Transcribe the records that follow. Keep every word exactly, and drop the pictures.

(Records excerpted from a collection)
-- Opening Marker --
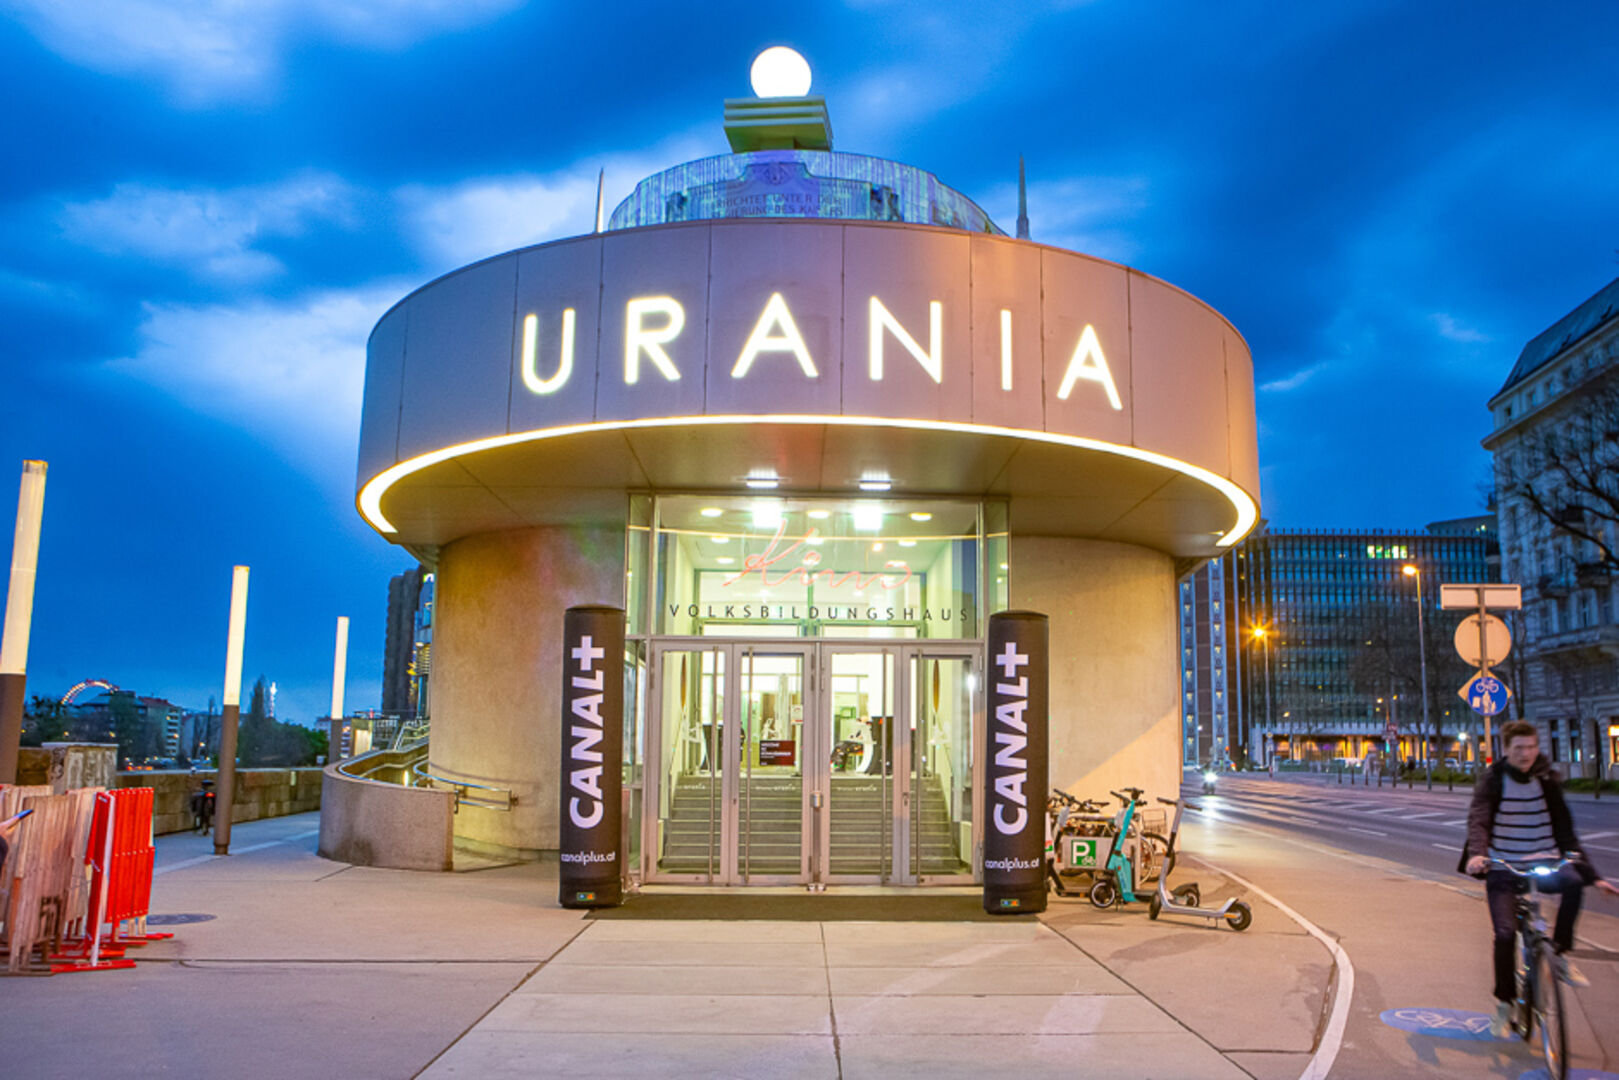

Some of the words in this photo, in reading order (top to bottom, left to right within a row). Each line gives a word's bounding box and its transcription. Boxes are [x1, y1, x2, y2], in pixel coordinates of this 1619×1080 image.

[520, 291, 1123, 411] URANIA
[723, 517, 912, 590] Kino
[669, 603, 968, 621] VOLKSBILDUNGSHAUS
[569, 635, 605, 829] CANAL+
[993, 642, 1029, 836] CANAL+
[1072, 842, 1091, 865] P
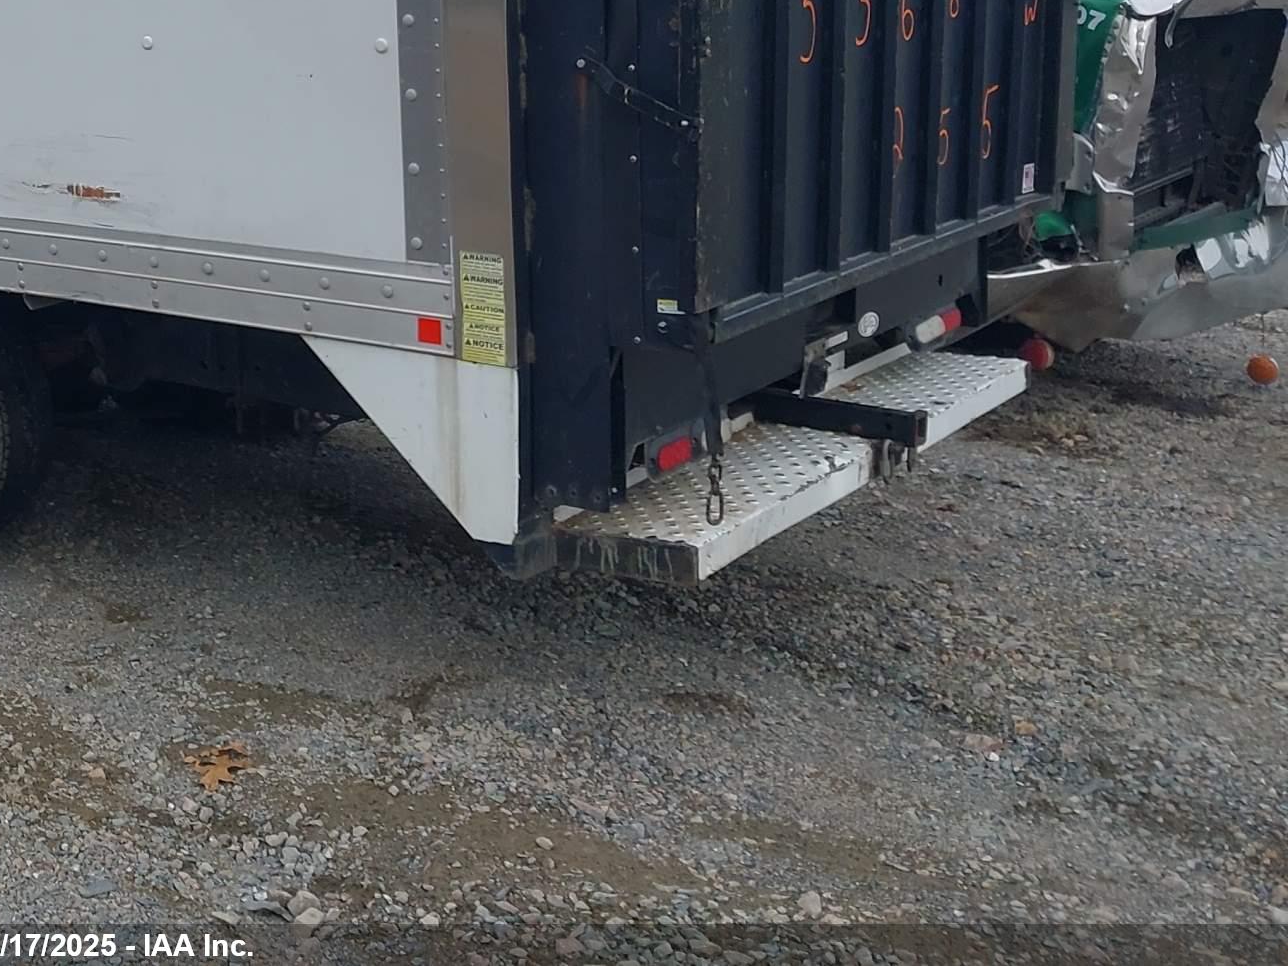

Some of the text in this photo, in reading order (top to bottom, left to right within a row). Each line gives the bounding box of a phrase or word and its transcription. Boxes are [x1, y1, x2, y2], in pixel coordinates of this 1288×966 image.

[469, 254, 502, 264] WARNING
[470, 275, 503, 286] WARNING
[470, 304, 504, 313] CAUTION
[474, 324, 500, 332] NOTICE
[472, 339, 504, 350] NOTICE
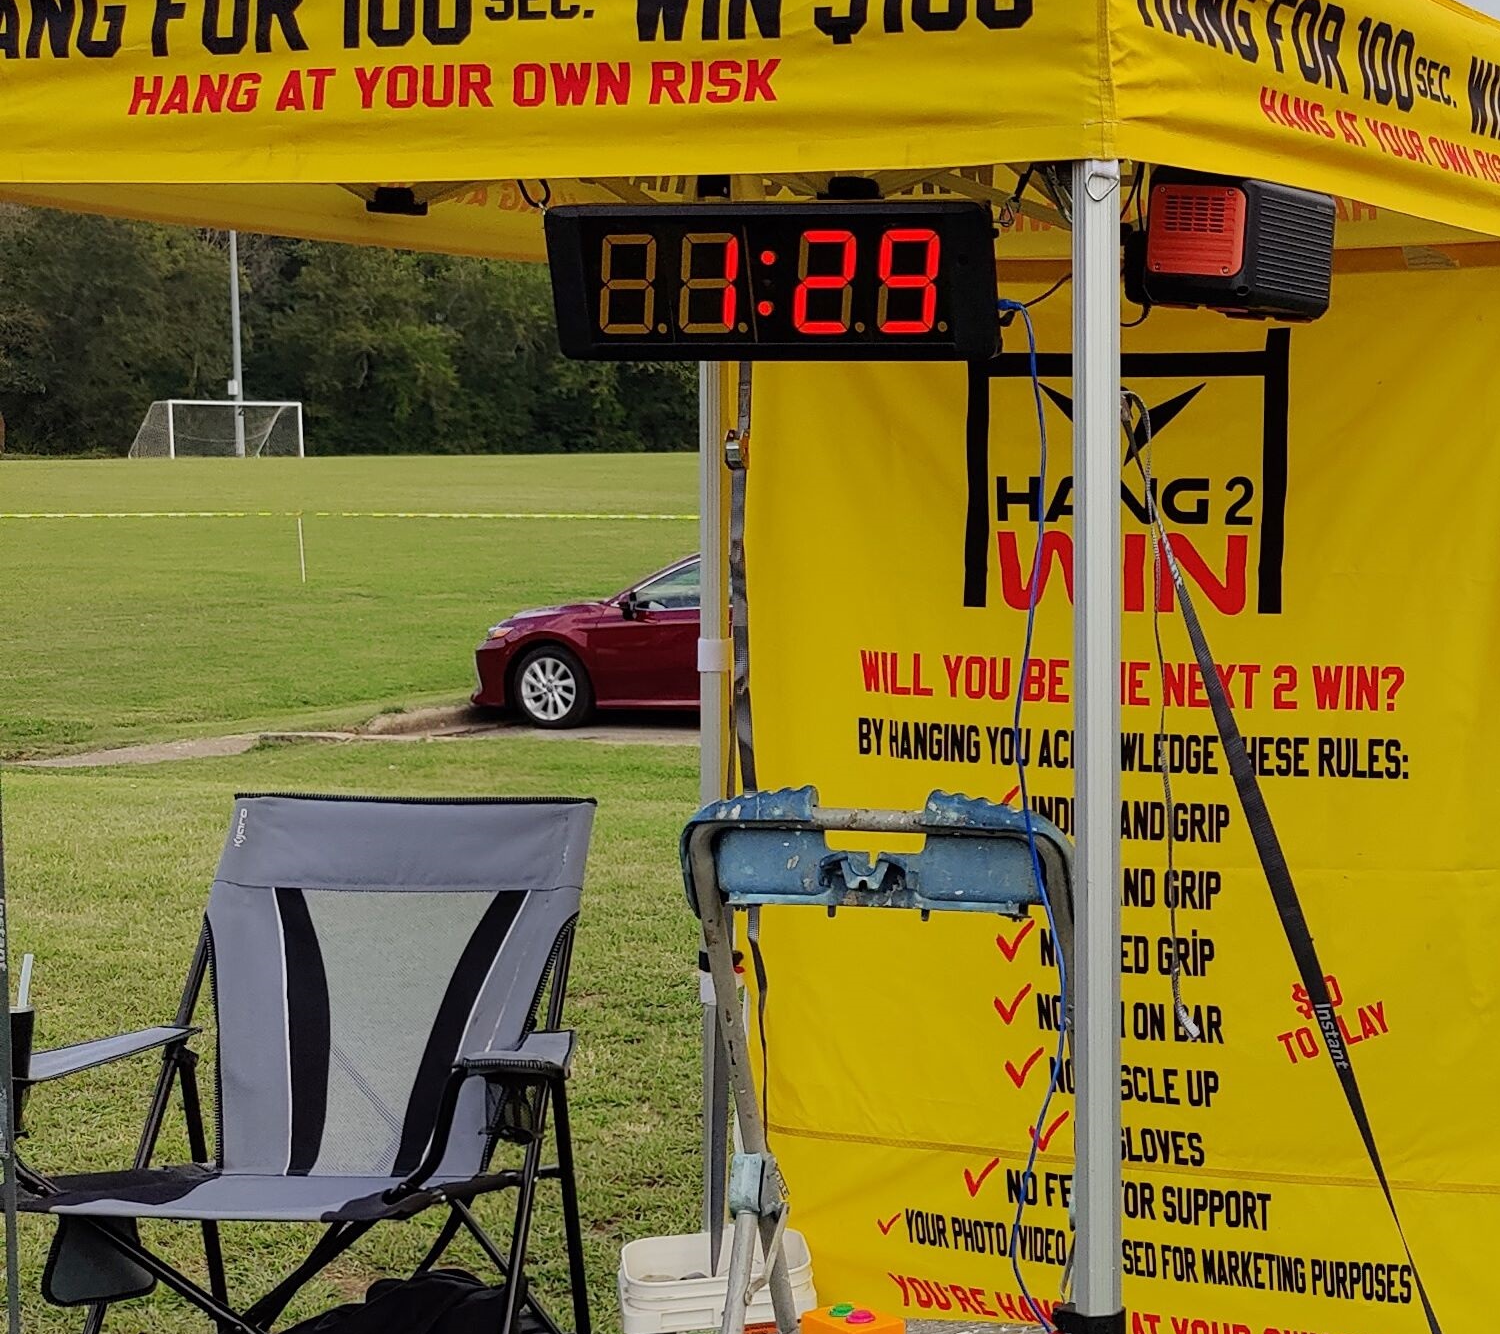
-- Closing Marker --
* Response area:
Some of the words in this photo, in reading order (top to bottom, left to right within a row). Each line gives a word's bounding box and its transcription. Boxes are [x1, y1, x2, y2], in pixel coordinates of this 1619×1080 image.

[520, 291, 1123, 411] URANIA
[723, 517, 912, 590] Kino
[669, 603, 968, 621] VOLKSBILDUNGSHAUS
[569, 635, 605, 829] CANAL+
[993, 642, 1029, 836] CANAL+
[1072, 842, 1091, 865] P

Some of the text in this photo, in reading order (top to bottom, left to right within a row). Each line gives the bounding box of a phrase or word and its transcription. Boxes are [x1, y1, x2, y2], in pixel coordinates of this 1288×966 image.

[469, 254, 502, 264] WARNING
[470, 275, 503, 286] WARNING
[470, 304, 504, 313] CAUTION
[474, 324, 500, 332] NOTICE
[472, 339, 504, 350] NOTICE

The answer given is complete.